### WHAT IS BEING ASKED
Could you write the entries out again, exactly as they appear?

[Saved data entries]
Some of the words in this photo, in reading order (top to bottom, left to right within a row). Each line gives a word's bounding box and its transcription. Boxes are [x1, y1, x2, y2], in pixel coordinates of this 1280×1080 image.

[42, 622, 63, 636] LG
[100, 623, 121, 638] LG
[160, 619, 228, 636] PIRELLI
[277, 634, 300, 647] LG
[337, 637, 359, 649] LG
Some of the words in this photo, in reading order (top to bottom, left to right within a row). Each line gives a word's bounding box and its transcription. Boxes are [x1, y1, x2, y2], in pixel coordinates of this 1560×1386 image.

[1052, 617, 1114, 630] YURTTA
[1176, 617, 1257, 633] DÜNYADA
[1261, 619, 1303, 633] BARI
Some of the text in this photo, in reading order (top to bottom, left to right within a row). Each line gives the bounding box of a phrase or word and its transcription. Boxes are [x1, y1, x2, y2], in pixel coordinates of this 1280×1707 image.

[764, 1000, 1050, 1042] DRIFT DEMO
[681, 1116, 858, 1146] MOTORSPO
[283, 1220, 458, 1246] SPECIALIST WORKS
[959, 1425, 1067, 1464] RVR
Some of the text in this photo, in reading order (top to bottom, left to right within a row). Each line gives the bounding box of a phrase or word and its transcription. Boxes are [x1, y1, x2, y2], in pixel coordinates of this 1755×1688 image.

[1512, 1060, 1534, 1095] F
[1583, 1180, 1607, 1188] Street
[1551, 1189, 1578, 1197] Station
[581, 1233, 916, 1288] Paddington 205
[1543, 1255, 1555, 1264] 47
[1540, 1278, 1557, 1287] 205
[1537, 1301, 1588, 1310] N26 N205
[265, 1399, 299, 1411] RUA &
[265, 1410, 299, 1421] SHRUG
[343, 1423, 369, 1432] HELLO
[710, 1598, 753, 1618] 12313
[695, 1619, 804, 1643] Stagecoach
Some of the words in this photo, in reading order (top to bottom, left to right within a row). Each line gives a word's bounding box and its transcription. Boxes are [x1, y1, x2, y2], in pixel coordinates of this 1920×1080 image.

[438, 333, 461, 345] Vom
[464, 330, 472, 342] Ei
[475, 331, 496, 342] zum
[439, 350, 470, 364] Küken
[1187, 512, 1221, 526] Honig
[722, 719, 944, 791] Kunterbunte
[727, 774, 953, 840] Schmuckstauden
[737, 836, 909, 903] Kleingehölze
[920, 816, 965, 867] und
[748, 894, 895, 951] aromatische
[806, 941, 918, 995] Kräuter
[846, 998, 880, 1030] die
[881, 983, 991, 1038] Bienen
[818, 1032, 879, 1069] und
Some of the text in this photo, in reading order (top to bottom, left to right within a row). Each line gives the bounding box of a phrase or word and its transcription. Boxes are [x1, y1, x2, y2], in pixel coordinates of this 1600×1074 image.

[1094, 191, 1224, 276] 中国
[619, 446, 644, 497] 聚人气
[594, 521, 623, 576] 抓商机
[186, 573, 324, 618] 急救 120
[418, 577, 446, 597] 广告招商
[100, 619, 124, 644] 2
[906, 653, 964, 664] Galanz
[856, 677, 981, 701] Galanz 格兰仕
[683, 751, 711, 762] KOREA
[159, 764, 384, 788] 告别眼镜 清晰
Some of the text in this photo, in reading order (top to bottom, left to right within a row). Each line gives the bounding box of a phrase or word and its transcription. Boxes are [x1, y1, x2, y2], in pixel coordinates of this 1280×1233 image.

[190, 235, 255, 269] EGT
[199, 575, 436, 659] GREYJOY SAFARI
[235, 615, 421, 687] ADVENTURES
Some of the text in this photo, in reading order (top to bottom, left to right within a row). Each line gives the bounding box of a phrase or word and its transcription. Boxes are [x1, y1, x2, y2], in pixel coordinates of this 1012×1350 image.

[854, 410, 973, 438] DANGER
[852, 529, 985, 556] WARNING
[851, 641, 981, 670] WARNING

### TASK OUTPUT
Some of the words in this photo, in reading order (top to bottom, left to right within a row). Each line gives a word's bounding box and its transcription. Boxes are [x1, y1, x2, y2], in pixel coordinates of this 1280×1080 image.

[42, 622, 63, 636] LG
[100, 623, 121, 638] LG
[160, 619, 228, 636] PIRELLI
[277, 634, 300, 647] LG
[337, 637, 359, 649] LG
Some of the words in this photo, in reading order (top to bottom, left to right within a row). Each line gives a word's bounding box and its transcription. Boxes are [x1, y1, x2, y2], in pixel coordinates of this 1560×1386 image.

[1052, 617, 1114, 630] YURTTA
[1176, 617, 1257, 633] DÜNYADA
[1261, 619, 1303, 633] BARI
Some of the text in this photo, in reading order (top to bottom, left to right within a row). Each line gives the bounding box of a phrase or word and its transcription. Boxes are [x1, y1, x2, y2], in pixel coordinates of this 1280×1707 image.

[764, 1000, 1050, 1042] DRIFT DEMO
[681, 1116, 858, 1146] MOTORSPO
[283, 1220, 458, 1246] SPECIALIST WORKS
[959, 1425, 1067, 1464] RVR
Some of the text in this photo, in reading order (top to bottom, left to right within a row). Each line gives the bounding box of a phrase or word and its transcription. Boxes are [x1, y1, x2, y2], in pixel coordinates of this 1755×1688 image.

[1512, 1060, 1534, 1095] F
[1583, 1180, 1607, 1188] Street
[1551, 1189, 1578, 1197] Station
[581, 1233, 916, 1288] Paddington 205
[1543, 1255, 1555, 1264] 47
[1540, 1278, 1557, 1287] 205
[1537, 1301, 1588, 1310] N26 N205
[265, 1399, 299, 1411] RUA &
[265, 1410, 299, 1421] SHRUG
[343, 1423, 369, 1432] HELLO
[710, 1598, 753, 1618] 12313
[695, 1619, 804, 1643] Stagecoach
Some of the words in this photo, in reading order (top to bottom, left to right within a row). Each line gives a word's bounding box and its transcription. Boxes are [x1, y1, x2, y2], in pixel coordinates of this 1920×1080 image.

[438, 333, 461, 345] Vom
[464, 330, 472, 342] Ei
[475, 331, 496, 342] zum
[439, 350, 470, 364] Küken
[1187, 512, 1221, 526] Honig
[722, 719, 944, 791] Kunterbunte
[727, 774, 953, 840] Schmuckstauden
[737, 836, 909, 903] Kleingehölze
[920, 816, 965, 867] und
[748, 894, 895, 951] aromatische
[806, 941, 918, 995] Kräuter
[846, 998, 880, 1030] die
[881, 983, 991, 1038] Bienen
[818, 1032, 879, 1069] und
Some of the text in this photo, in reading order (top to bottom, left to right within a row). Each line gives the bounding box of a phrase or word and its transcription. Boxes are [x1, y1, x2, y2], in pixel coordinates of this 1600×1074 image.

[1094, 191, 1224, 276] 中国
[619, 446, 644, 497] 聚人气
[594, 521, 623, 576] 抓商机
[186, 573, 324, 618] 急救 120
[418, 577, 446, 597] 广告招商
[100, 619, 124, 644] 2
[906, 653, 964, 664] Galanz
[856, 677, 981, 701] Galanz 格兰仕
[683, 751, 711, 762] KOREA
[159, 764, 384, 788] 告别眼镜 清晰
Some of the text in this photo, in reading order (top to bottom, left to right within a row). Each line gives the bounding box of a phrase or word and its transcription. Boxes are [x1, y1, x2, y2], in pixel coordinates of this 1280×1233 image.

[190, 235, 255, 269] EGT
[199, 575, 436, 659] GREYJOY SAFARI
[235, 615, 421, 687] ADVENTURES
Some of the text in this photo, in reading order (top to bottom, left to right within a row). Each line gives the bounding box of a phrase or word and its transcription. Boxes are [x1, y1, x2, y2], in pixel coordinates of this 1012×1350 image.

[854, 410, 973, 438] DANGER
[852, 529, 985, 556] WARNING
[851, 641, 981, 670] WARNING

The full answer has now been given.